→ BRIEF
Exact copy, no pictures: repeat the data that follows.

===== RECORDS FOR PROCESSING =====

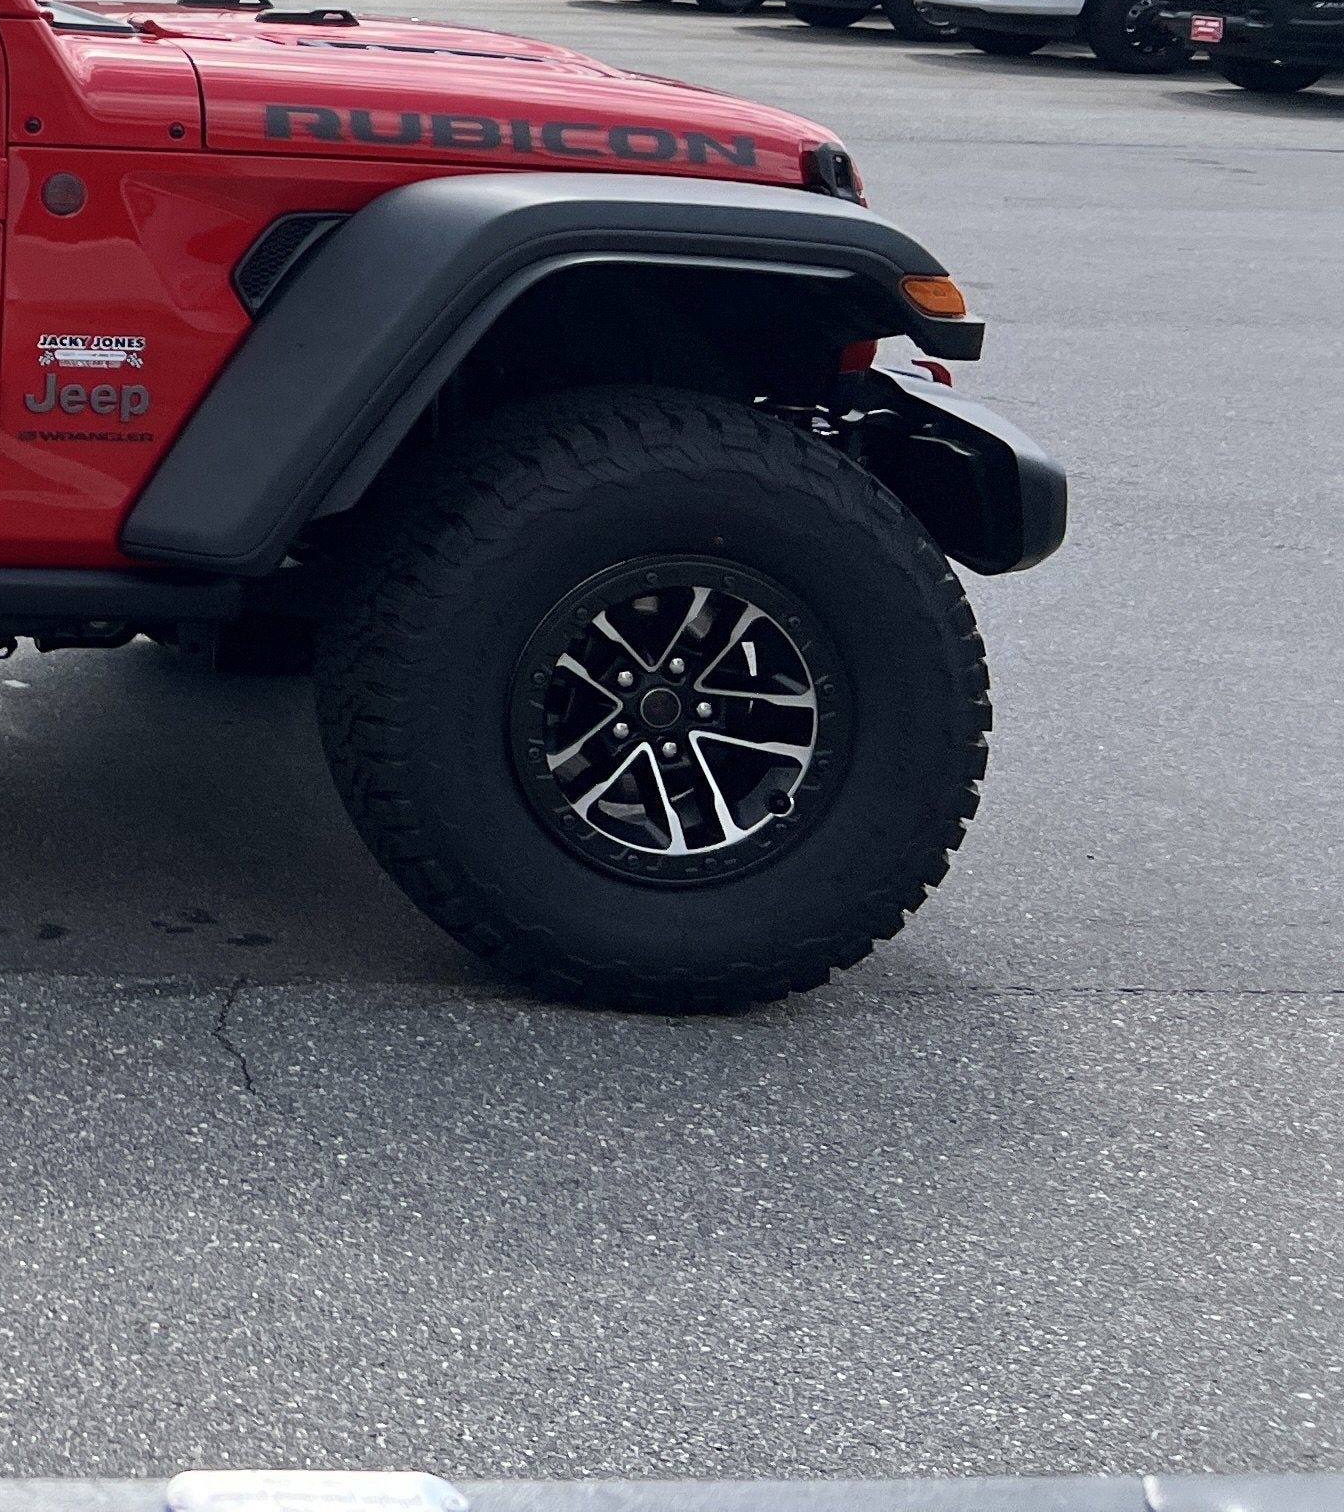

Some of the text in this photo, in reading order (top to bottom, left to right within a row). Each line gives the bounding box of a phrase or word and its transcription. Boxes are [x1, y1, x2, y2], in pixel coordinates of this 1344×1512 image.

[264, 103, 757, 167] RUBICON
[38, 335, 145, 349] JACKY JONES
[24, 372, 150, 423] Jeep
[40, 431, 154, 442] WRANGLER
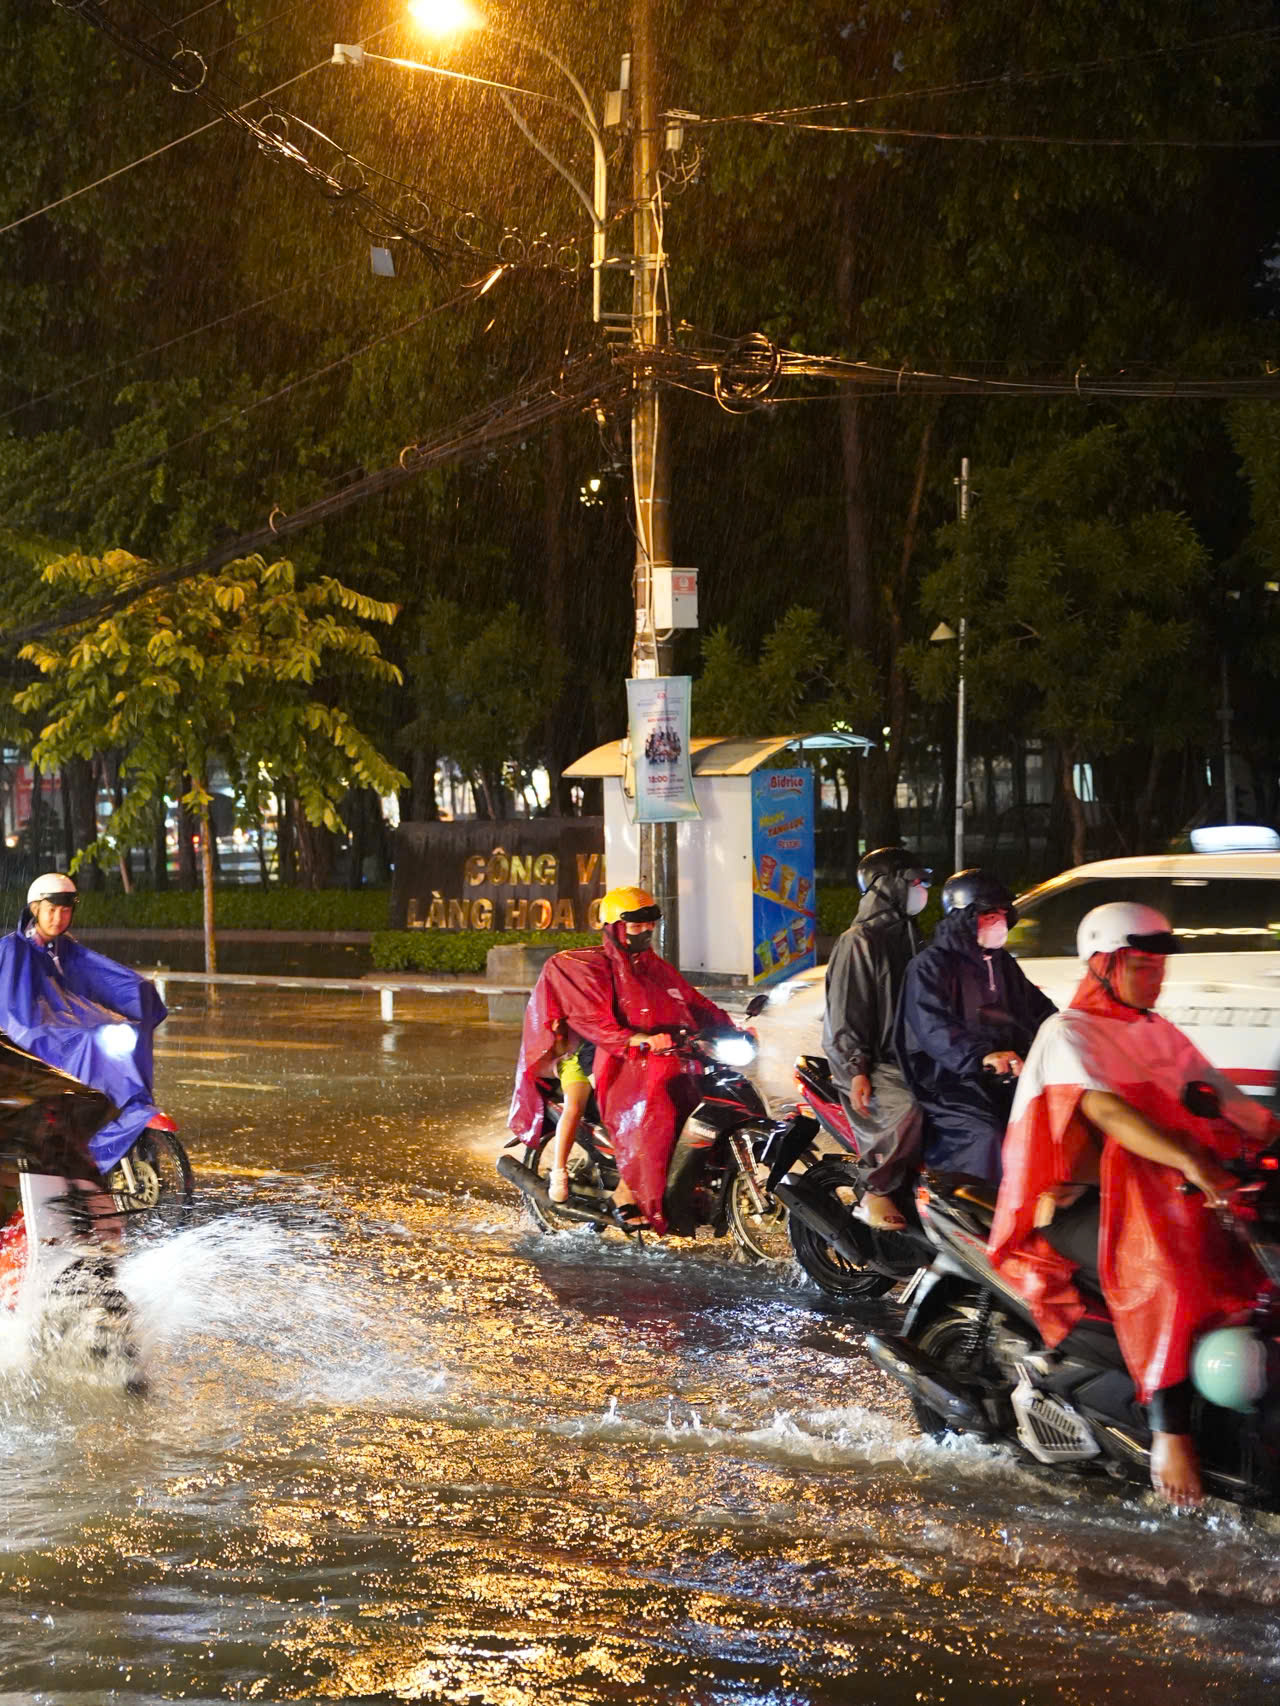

=====

→ RESPONSE
Some of the text in this photo, in reading order (top to bottom, left to right within a row). Each line gives the bounding box of a phrase or word and its transcription. Boxes are [x1, y1, x2, y2], in pixel coordinates of this 1344×1512 image.

[264, 103, 757, 167] RUBICON
[38, 335, 145, 349] JACKY JONES
[24, 372, 150, 423] Jeep
[40, 431, 154, 442] WRANGLER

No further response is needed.